State budget: Legislature snubs Gov. Kristi Noem, bridles power to spend federal stimulus

Joe Sneve
Sioux Falls Argus Leader
Chris Karr and Kristi Noem

PIERRE — A deal struck this week to give lawmakers more control over how federal money gets spent in South Dakota brought unity to the state Legislature that 48 hours earlier was bitterly divided.

South Dakota's 97th Legislative Session came to a close Thursday after hours of deliberations — both behind the scenes and throughout a series of highly contentious committee meetings — as the House and Senate found compromise for nearly $7 billion of budget bills.

And that's got state employees, teachers and community support providers set to get 6% wage increases, millions of dollars in one-time construction projects and major initiatives to fund water and housing infrastructure.

More:Gov. Kristi Noem not pleased with workforce housing initiative that finally earned lawmaker approval

"There's a lot of things in that bill, but I don't know if anything is more important to me than the fact that we were able to work together for several weeks," said Rep. Chris Karr, the Sioux Falls Republican who co-chairs the legislature's powerful budget-setting committee. "We began this even before session and we ended together."

But not everyone at the Capitol is pleased with a series of budget bills awaiting Gov. Kristi Noem's signature.

Karr and other lawmakers, who as recently as last week, were divided on the topic of the budget with talks between appropriators from each Legislative chamber breaking down for a time. At the center of the disagreement was the question of federal spending authority, which came to light earlier this year when the Noem administration began disbursing federal stimulus dollars to South Dakota daycare providers.

Led by Karr, House appropriators contended the executive branch did not have authority to spend what will amount to $100 million of American Rescue Plan Act funds designated for childcare assistance without formal authorization from this year's Legislature.

Siding with Noem, the Senate took the position that even though those dollars had come in since the current year's budget was set, because the dollars were being used for an assistance program that the Department of Social Services already had set up, new authorization was not necessary.

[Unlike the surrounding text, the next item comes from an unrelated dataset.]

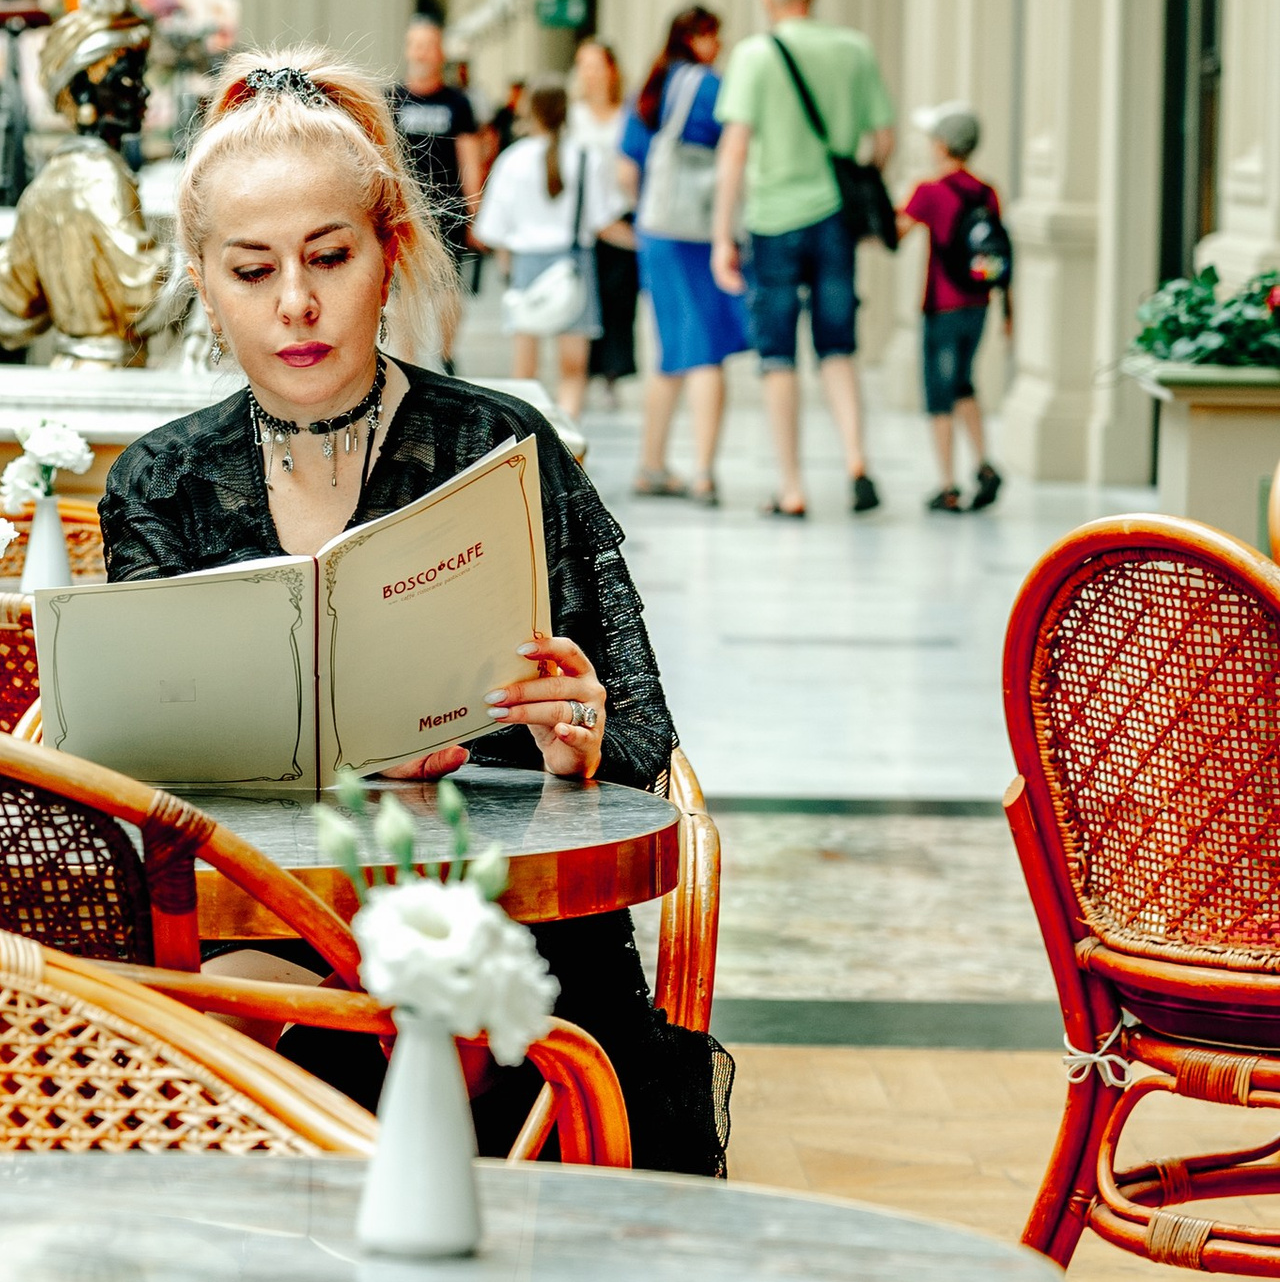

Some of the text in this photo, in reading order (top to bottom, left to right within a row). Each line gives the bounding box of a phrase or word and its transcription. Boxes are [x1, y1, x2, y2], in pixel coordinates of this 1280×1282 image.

[382, 542, 484, 599] BOSCO CAFE
[418, 707, 468, 732] Меню

And with each camp dug in, and hundreds of millions of new federal stimulus still filing in after passage of the Bipartisan Infrastructure Law, the dispute lingered into the final days of session and threatened to keep the House and Senate from reaching agreement on a new budget.

House appropriators had been resistant to many of the governor's spending ambitions, but were willing to concede much of them if the spending authority question could be resolved.

Enter House Bill 1281.

The measure, which cleared both chambers with overwhelming majorities, will require state agencies get formal authorization from the Legislature before federal funds can be spent on new programming or initiatives that do not already exist. It would apply only to dollars that come in during the next fiscal year.

Noem and her administration, though, fervently argued this week that HB1281 would require all federal dollars get new authorization from legislature before being spent, which they contend would essentially create a full-time Legislature and require the state's financial accounting system be overhauled.

And with some agencies of the state receiving federal funds on a regular basis, even when there aren't stimulus packages being passed in Washington, D.C., that could slow down the state's abilities to disburse funds.

"It's not good, and we need to make sure this Appropriations Committee doesn't break state government," Noem said in a social media post before both HB1281 and the budget bills were adopted by a defiant Legislature.

Noem in recent days watched as her influence on the budget process with legislators diminished, as many lawmakers often in lockstep voiced indifference to her desires Wednesday and Thursday.

"We would have some pretty big discussions and I'm not sure we'd get out of here very early today," Karr said about the possible of HB1281 not passing. "It's what brought us all together."

While the governor could veto HB1281 or any of three budget bills — the general bill, the supplemental appropriations bill to adjust this year's budget and a mil levy-setting measure — all four measures earned approval with more than two-thirds of Senate and House members in support.

The governor's office did not immediately respond to a request for comment Thursday evening.